Si vous deviez vous décrire, qu’est-ce que vous diriez?
C’est à vous de le définir. Moi je suis défenseur central, j’essaie d’afficher un maximum d’assurance, d’être le plus régulier possible, en misant sur la sécurité, et d’être efficace dans les deux surfaces.
Quelles attentes avez-vous au moment de rejoindre le PSG?
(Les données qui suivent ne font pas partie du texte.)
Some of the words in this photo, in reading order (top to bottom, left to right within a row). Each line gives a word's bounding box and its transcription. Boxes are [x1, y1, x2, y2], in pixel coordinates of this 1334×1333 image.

Dans tous les clubs ou j’ai joué, j’ai eu la chance de laisser une trace, ça me rend assez fier. Maintenant, ce qu’il y a de beau, c’est que je recommence à zéro, c’est un nouveau défi. Le PSG est un club qui cherche des titres. Celui de champion, ça fait un bail... A l’échelle européenne, Paris est assez armé pour aller chercher quelque chose. Ce sont deux gros défis, c’est un peu ce qui me manquait dans ma carrière.
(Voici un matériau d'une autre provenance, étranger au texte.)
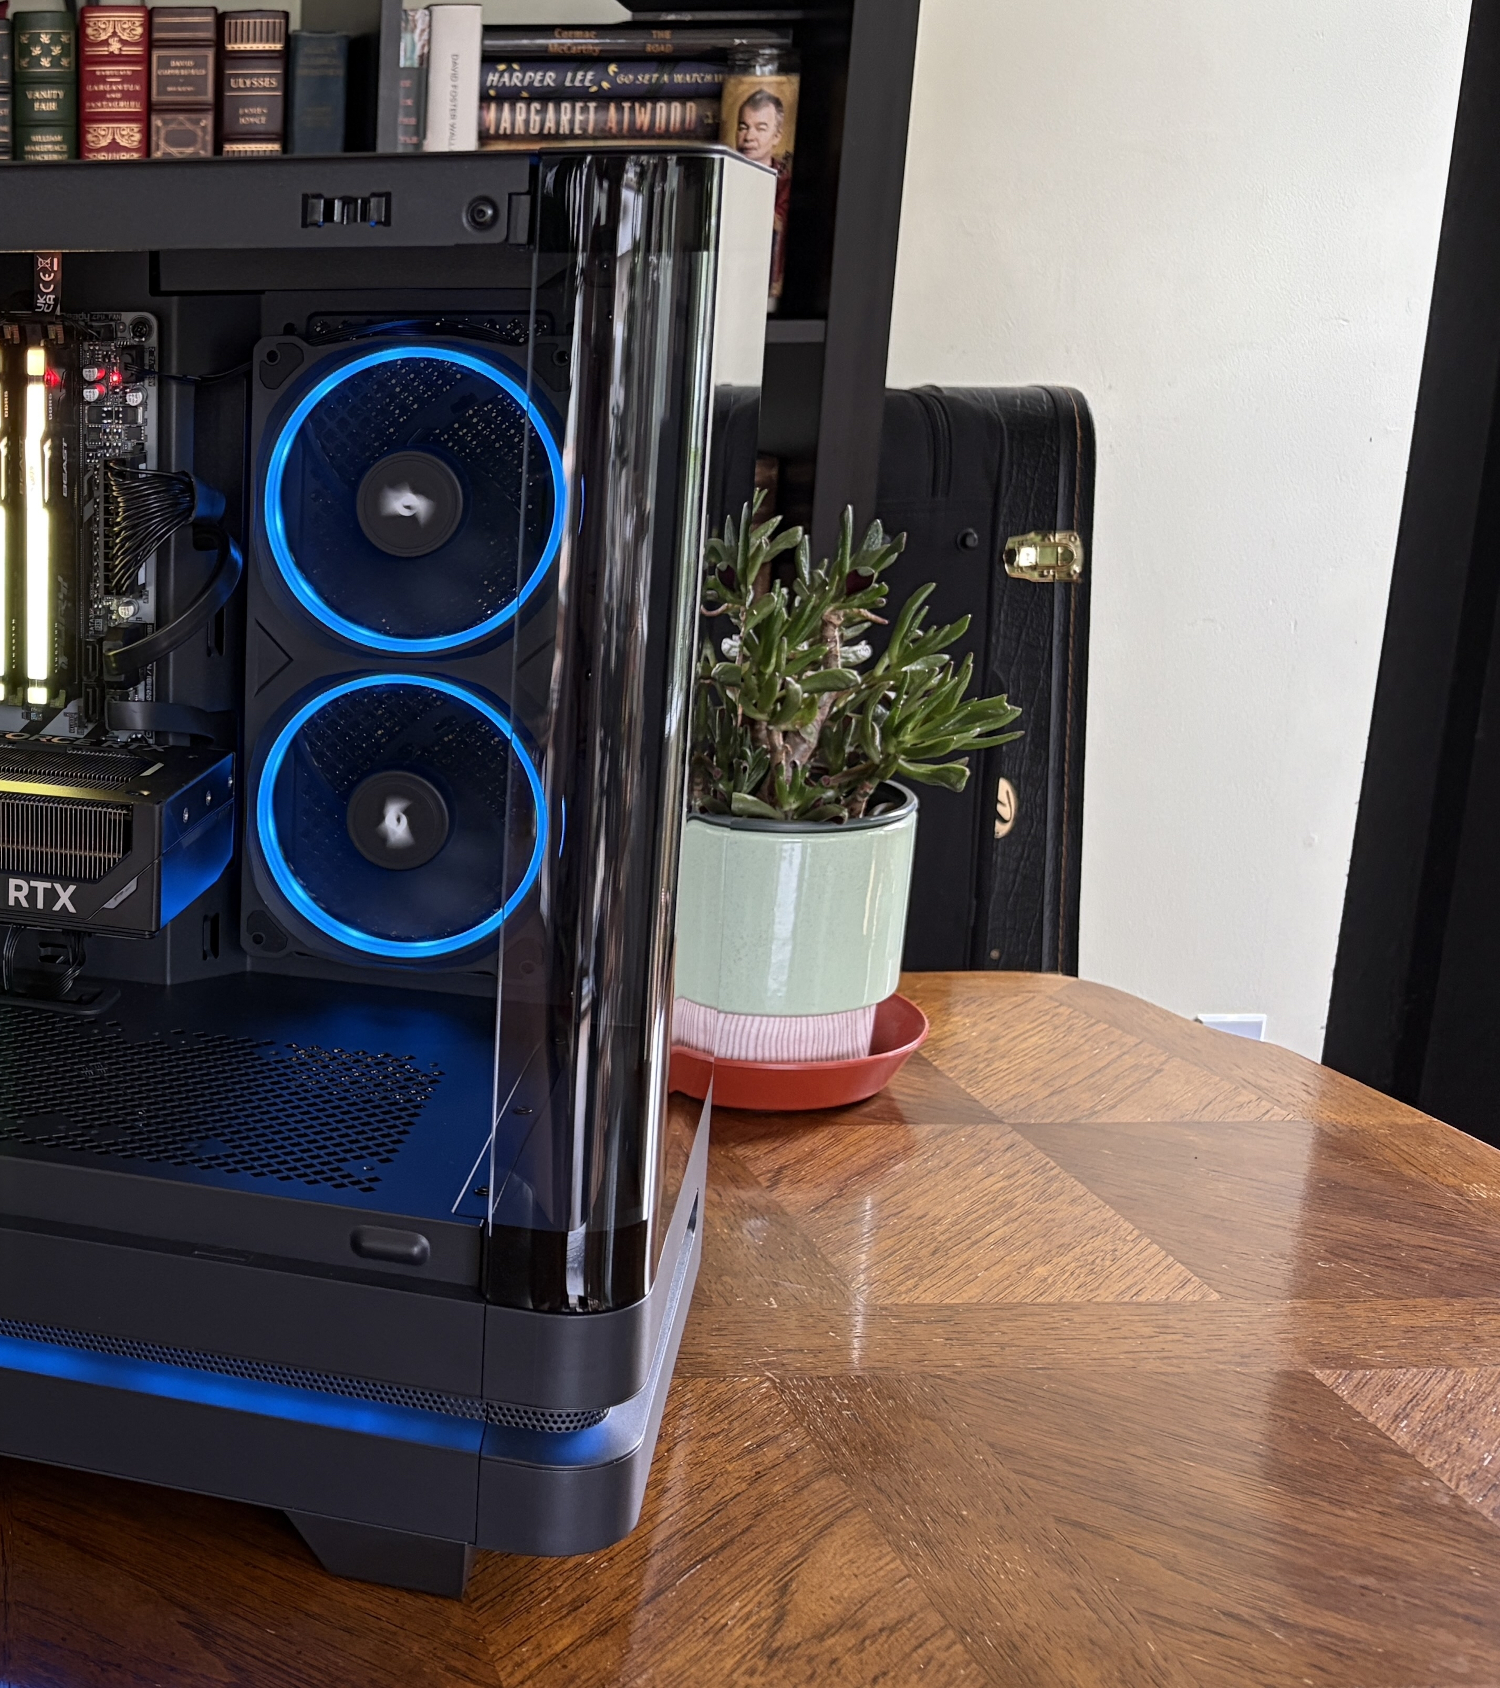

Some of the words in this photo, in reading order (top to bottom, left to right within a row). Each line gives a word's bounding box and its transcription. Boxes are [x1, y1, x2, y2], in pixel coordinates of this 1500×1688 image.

[554, 28, 597, 39] Cormac
[651, 30, 673, 39] THE
[547, 43, 601, 55] McCarthy
[645, 44, 674, 53] ROAD
[230, 78, 277, 88] ULYSSES
[486, 71, 556, 87] HARPER
[564, 71, 596, 87] LEE
[616, 73, 634, 84] GO
[635, 73, 659, 84] SET
[659, 74, 669, 83] A
[26, 90, 65, 99] VANITY
[34, 102, 58, 111] FAIR
[482, 102, 598, 135] MARGARET
[605, 102, 697, 135] ATWOOD
[449, 123, 457, 150] WALL
[101, 740, 170, 753] RTX
[8, 878, 78, 914] RTX
Est-ce que vous connaissez les joueurs avec qui vous serez en concurrence pour un poste en défense centrale?
A travers la télé, j’ai entendu parler en bien de ces jeunes joueurs. Ils sont jeunes et déjà en sélection, c’est tout dire de leur niveau. J’intègre un bon groupe, et avec tous mes camarades, on a une grosse envie de faire quelque chose de bien.
Vous aviez des contacts en Italie. Pourquoi avoir finalement choisi de rejoindre Paris?
Tout au long de ma carrière, j’ai eu la chance d’avoir été approché par des clubs. Je peux en être fier, ça veut dire que j’ai su garder un bon niveau. Le projet PSG m’a vraiment tenté. Tant professionnellement que pour ma vie de famille. La France, c’est un si beau pays, c’est le plus beau choix.
En tant que capitaine de l’Uruguay, vous allez souvent devoir effectuer de longs voyages…
C’est le problème, ou la chance qu’on a, nous les joueurs qui revêtissent le maillot de nos équipes nationales. Demandez aux joueurs français de ne pas jouer en Bleus… J’essaierai, tant que je pourrai, de répondre présent. Ce sont des trajets assez lointains, mais c’est valable pour tous les latinos. Les va-et-vient, je les faits depuis six ans, ça me fait pas peur.
Diego Forlan a rejoint l’Inter, vous êtes au PSG… C’est le renouveau du foot uruguayen?
Il y a aussi Pereira à Chelsea, Suarez à Liverpool. En tant que capitaine, j’ai lutté pour la reconnaissance de notre foot, c’est une grande fierté. L’Uruguay retrouve sa place, la place qu’elle n’aurait jamais dû perdre. C’est toute l’image de l’Uruguay qui y gagne. Cela dénote notre sérieux et notre loyauté. Je me sens un peu responsable de cette évolution.
Vous avez 30 ans, vous avez signé trois ans… Vous allez finir au PSG?
Par principe, un joueur de foot vit au jour le jour. Je vais essayer de contribuer à ce que le PSG réussisse, je veux apporter ma pierre pour la réussite de ce grand projet. Pour la suite, on verra. J’ai hâte d’intégrer ce groupe, on veut tous que le succès s’installe. Une fois que j’aurai achevé mes années de contrat, on verra.